- _INPUT DATA_

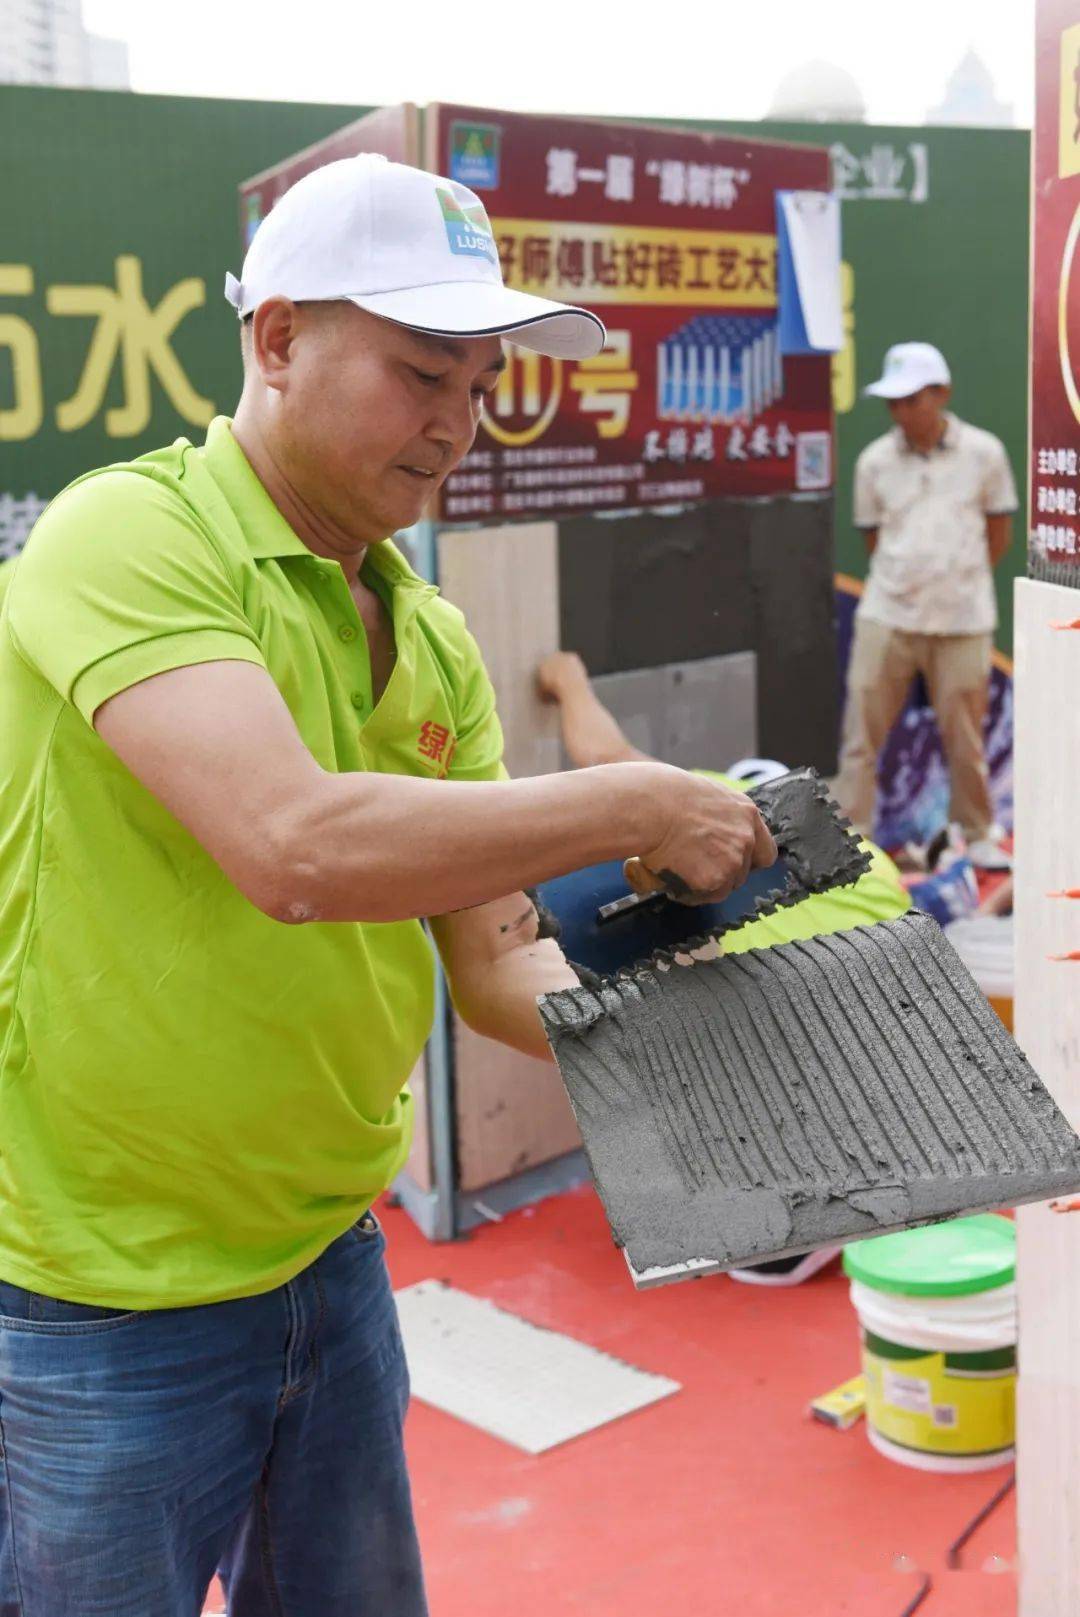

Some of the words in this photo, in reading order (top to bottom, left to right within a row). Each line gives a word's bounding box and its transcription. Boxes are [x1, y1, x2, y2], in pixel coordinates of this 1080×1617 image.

[499, 234, 778, 291] 好师傅贴好砖工艺大
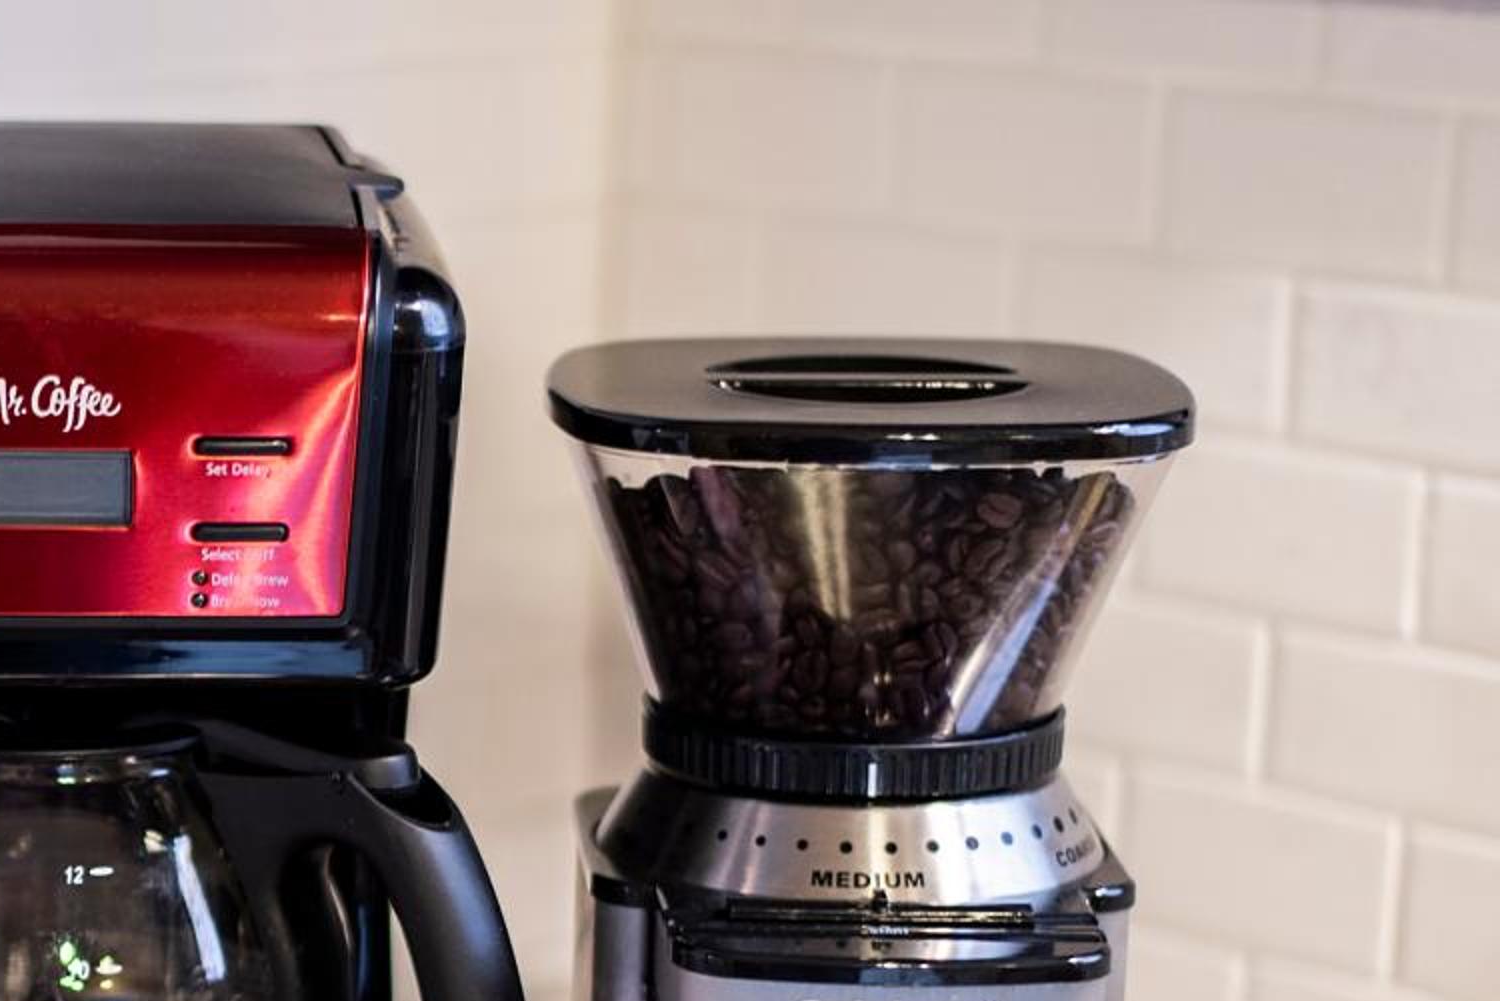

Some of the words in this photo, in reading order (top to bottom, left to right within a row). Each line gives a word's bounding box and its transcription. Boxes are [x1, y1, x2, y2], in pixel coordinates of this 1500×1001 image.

[31, 373, 122, 434] Coffee
[205, 462, 228, 477] Set
[201, 547, 241, 561] Select
[65, 865, 84, 885] 12
[810, 869, 926, 889] MEDIUM
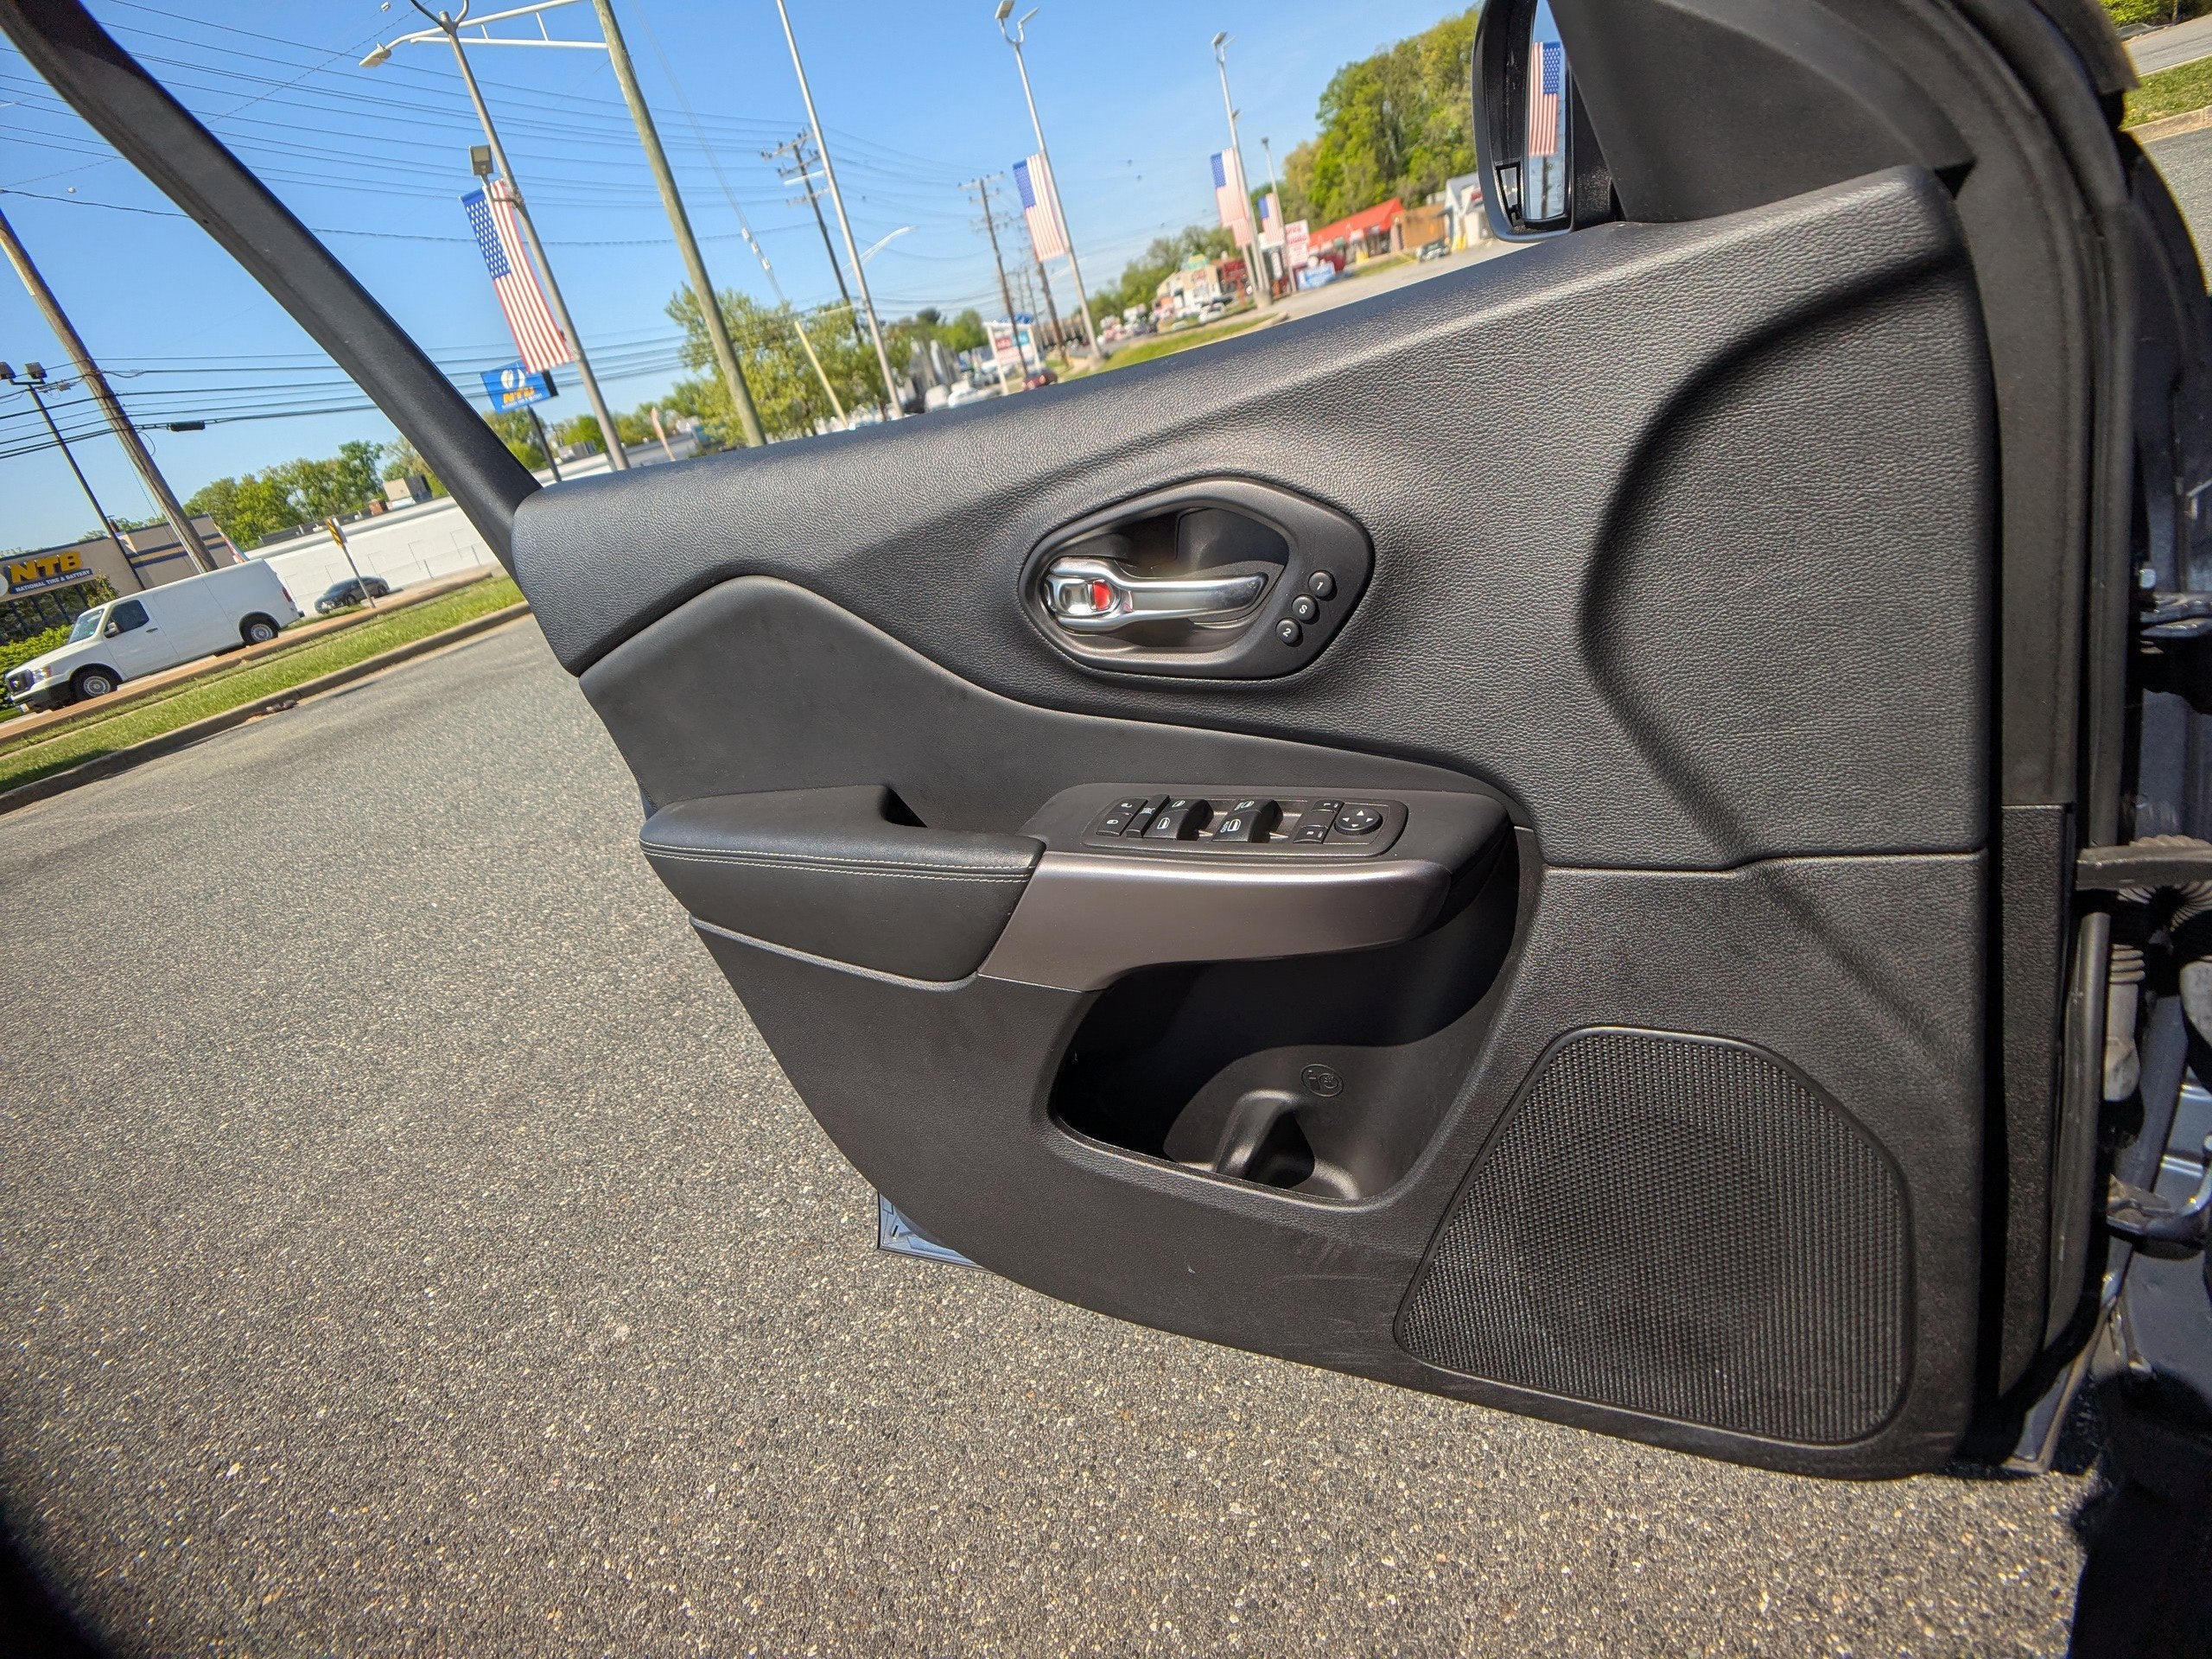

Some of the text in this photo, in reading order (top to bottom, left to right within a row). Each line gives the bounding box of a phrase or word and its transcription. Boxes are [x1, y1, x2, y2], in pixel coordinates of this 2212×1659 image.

[10, 550, 83, 583] NTB
[16, 581, 46, 592] NATIONAL
[46, 576, 60, 585] TIRE
[66, 569, 90, 580] BATTERY
[1317, 582, 1324, 590] 1
[1299, 604, 1307, 614] S
[1282, 627, 1292, 637] 2

- _TASK DIRECTIONS_
Copy out the lines exactly as written, beginning with the one that contains "this 1500×1001 image." and ending with the last line of the material; do not include pictures.

- _RESPONSE TO THIS EXERCISE_
Some of the words in this photo, in reading order (top to bottom, left to right within a row). Each line gives a word's bounding box and its transcription. Boxes are [x1, y1, x2, y2], in pixel coordinates of this 1500×1001 image.

[31, 373, 122, 434] Coffee
[205, 462, 228, 477] Set
[201, 547, 241, 561] Select
[65, 865, 84, 885] 12
[810, 869, 926, 889] MEDIUM

Some of the text in this photo, in reading order (top to bottom, left to right within a row). Each line gives the bounding box of a phrase or word and its transcription. Boxes are [x1, y1, x2, y2], in pixel coordinates of this 2212×1659 image.

[10, 550, 83, 583] NTB
[16, 581, 46, 592] NATIONAL
[46, 576, 60, 585] TIRE
[66, 569, 90, 580] BATTERY
[1317, 582, 1324, 590] 1
[1299, 604, 1307, 614] S
[1282, 627, 1292, 637] 2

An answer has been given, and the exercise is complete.